07Is DOCS or VEEV or KO more undervalued right now?
The PEG ratio (forward P/E divided by expected earnings growth rate) is the most precise measure of undervaluation relative to growth potential.
By this metric, Doximity, Inc. (DOCS) is the more undervalued stock at a PEG of 0. 27x versus The Coca-Cola Company's 2. 26x. A PEG below 1. 0 is traditionally considered the threshold for growth-adjusted undervaluation. On forward earnings alone, Doximity, Inc. (DOCS) trades at 14. 0x forward P/E versus 25. 3x for The Coca-Cola Company — 11. 3x cheaper on a one-year earnings basis. Analyst consensus price targets imply the most upside for VEEV: 47. 5% to $235. 38.
08Which pays a better dividend — DOCS or VEEV or KO?
In this comparison, KO (2.
5% yield) pays a dividend. DOCS, VEEV do not pay a meaningful dividend and should not be held primarily for income.
09Is DOCS or VEEV or KO better for a retirement portfolio?
For long-horizon retirement investors, The Coca-Cola Company (KO) is the stronger choice — it scores higher on the combination of lower volatility, dividend reliability, and long-term compounding (low volatility (β -0.
20), 2. 5% yield, +121. 1% 10Y return). Both have compounded well over 10 years (KO: +121. 1%, DOCS: -62. 2%), confirming both are viable long-term holds — but the lower-volatility option typically results in less emotional selling during corrections.
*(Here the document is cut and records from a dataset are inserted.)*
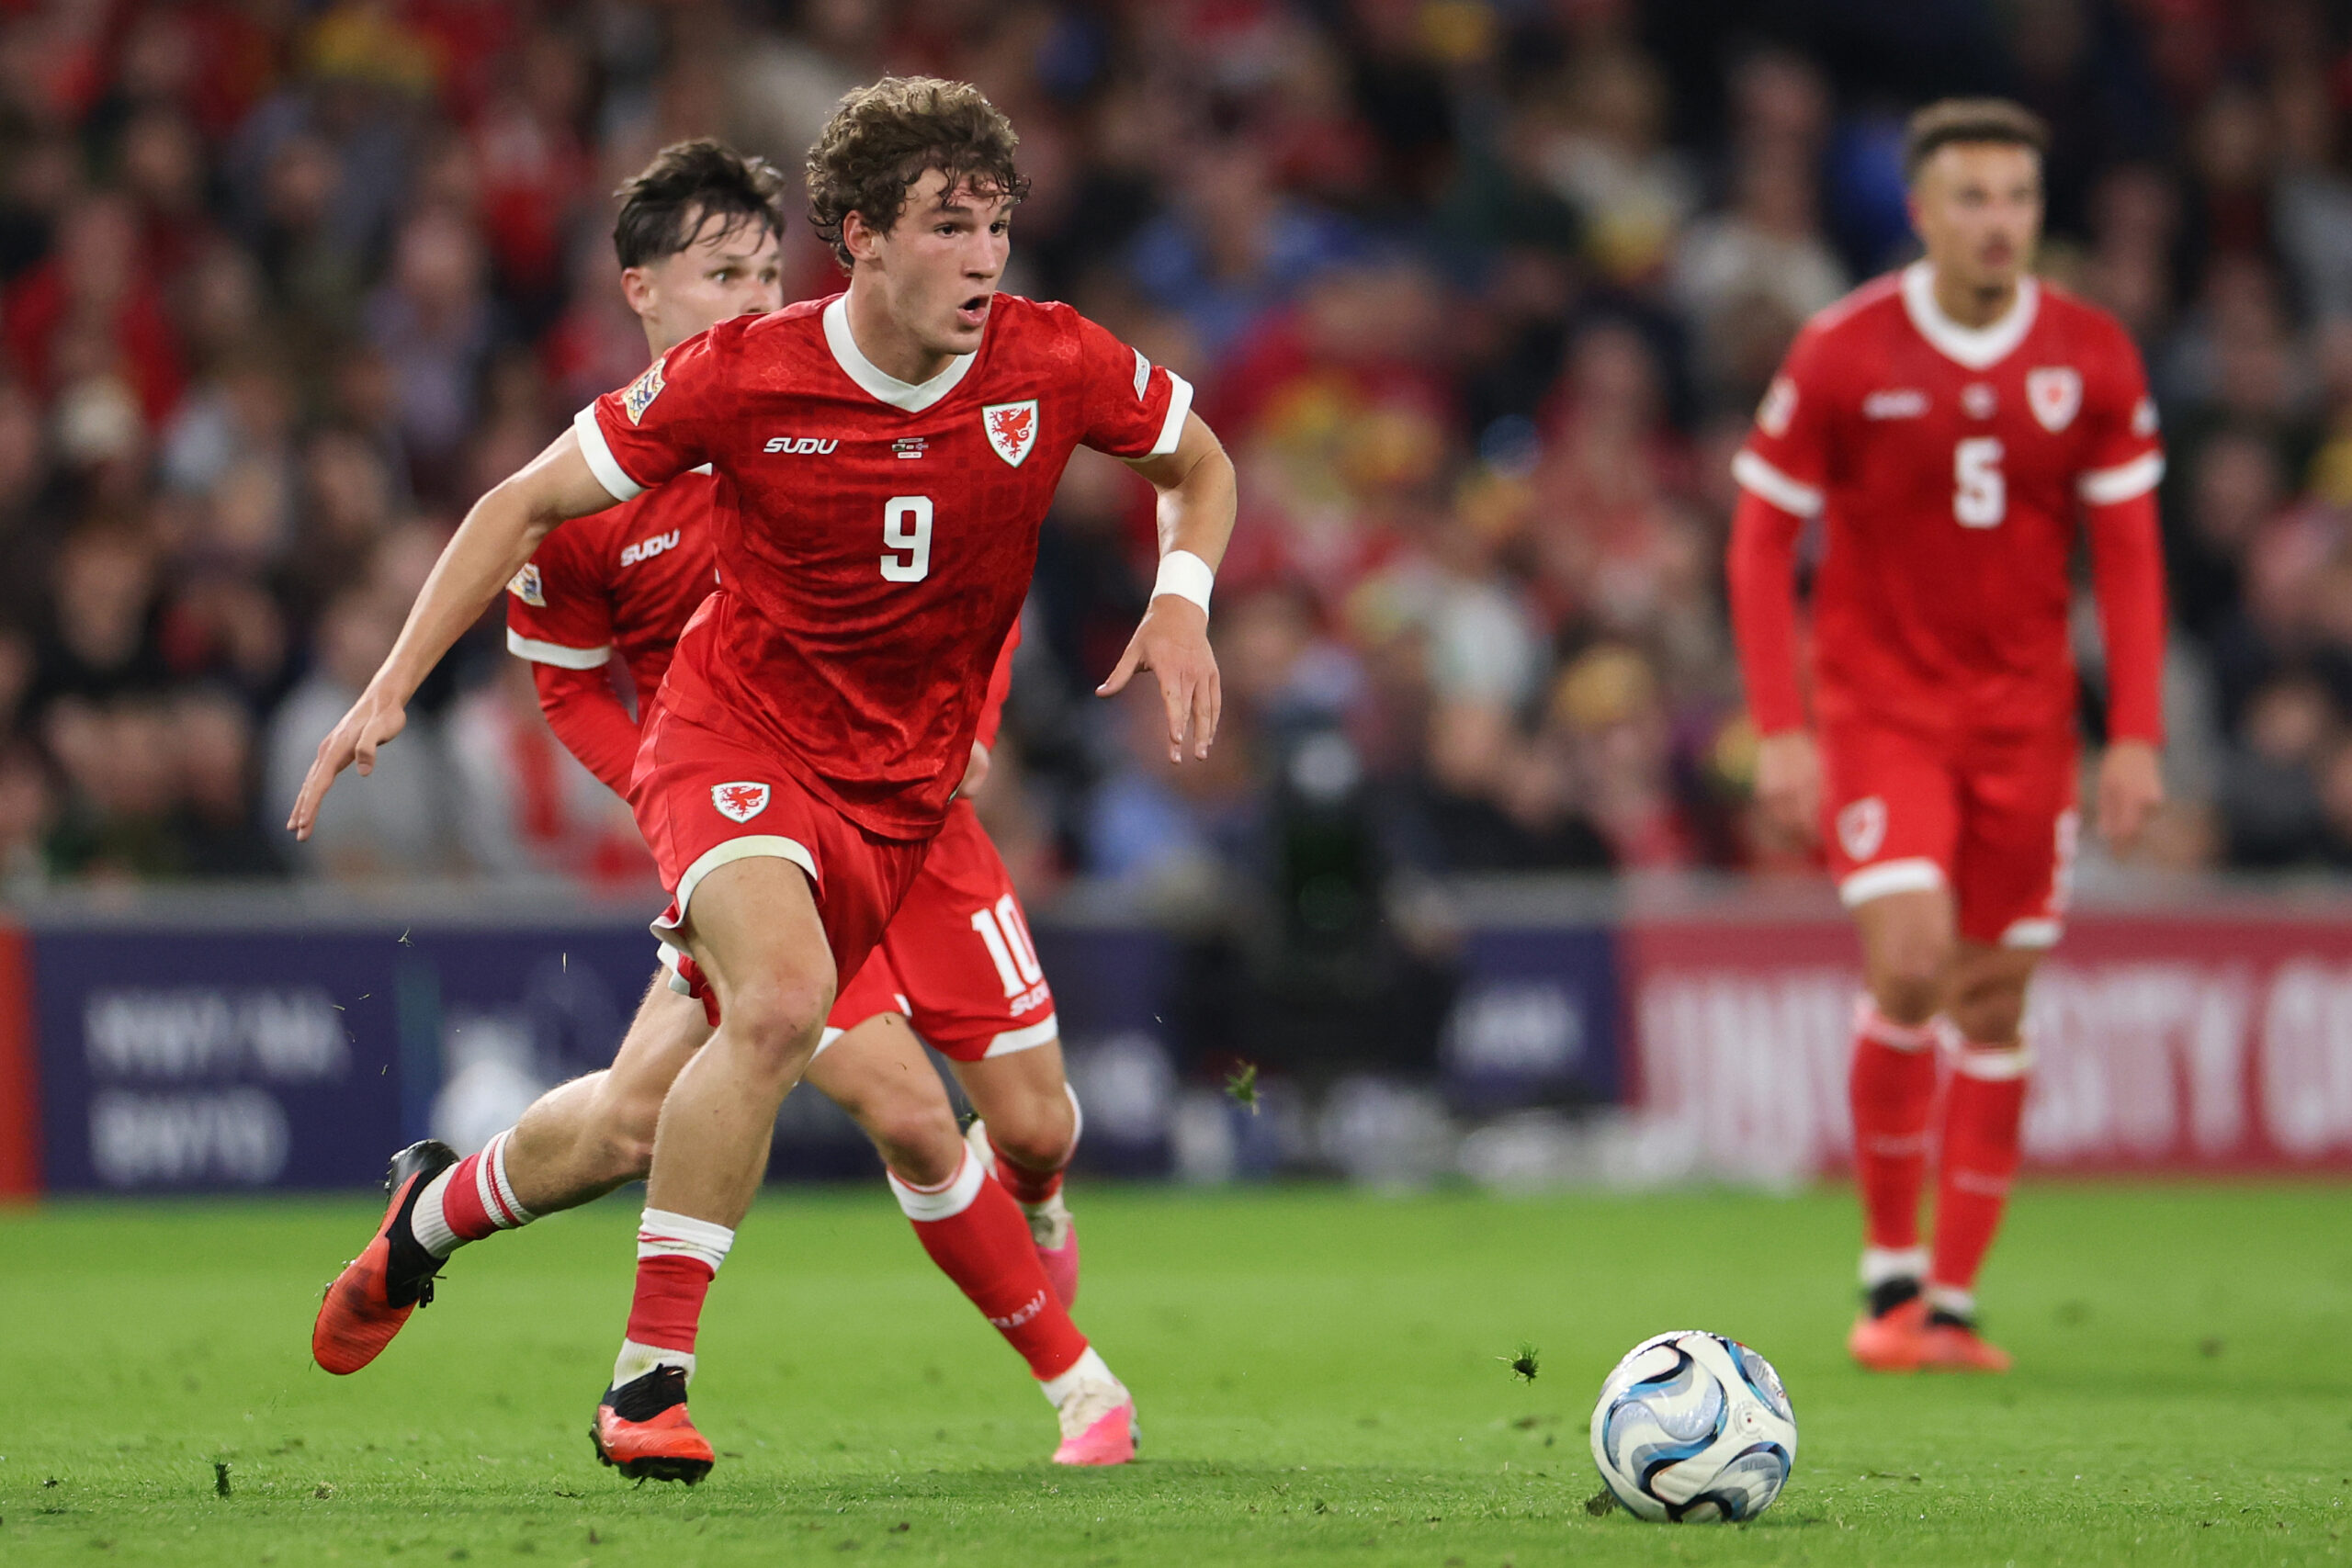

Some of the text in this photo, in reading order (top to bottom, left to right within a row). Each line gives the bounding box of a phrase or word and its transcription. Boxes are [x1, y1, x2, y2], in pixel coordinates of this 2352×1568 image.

[763, 436, 839, 455] SUDU
[1952, 436, 2007, 529] 5
[620, 527, 681, 568] SUDU
[879, 495, 933, 583] 9
[970, 893, 1044, 998] 10
Retirement portfolios generally favour predictability over maximum returns. Consult a financial advisor before making allocation decisions.
10What are the main differences between DOCS and VEEV and KO?
These companies operate in different sectors (DOCS (Healthcare) and VEEV (Healthcare) and KO (Consumer Defensive)), which means they face different economic cycles, regulatory environments, and macro sensitivities — making direct comparison nuanced.
In terms of investment character: DOCS is a small-cap quality compounder stock; VEEV is a mid-cap high-growth stock; KO is a large-cap quality compounder stock. KO pays a dividend while DOCS, VEEV do not, making them suitable for different income and tax situations. These fundamental differences mean investors should not choose between them on a single metric — the "better stock" depends entirely on which of these characteristics aligns with your investment strategy.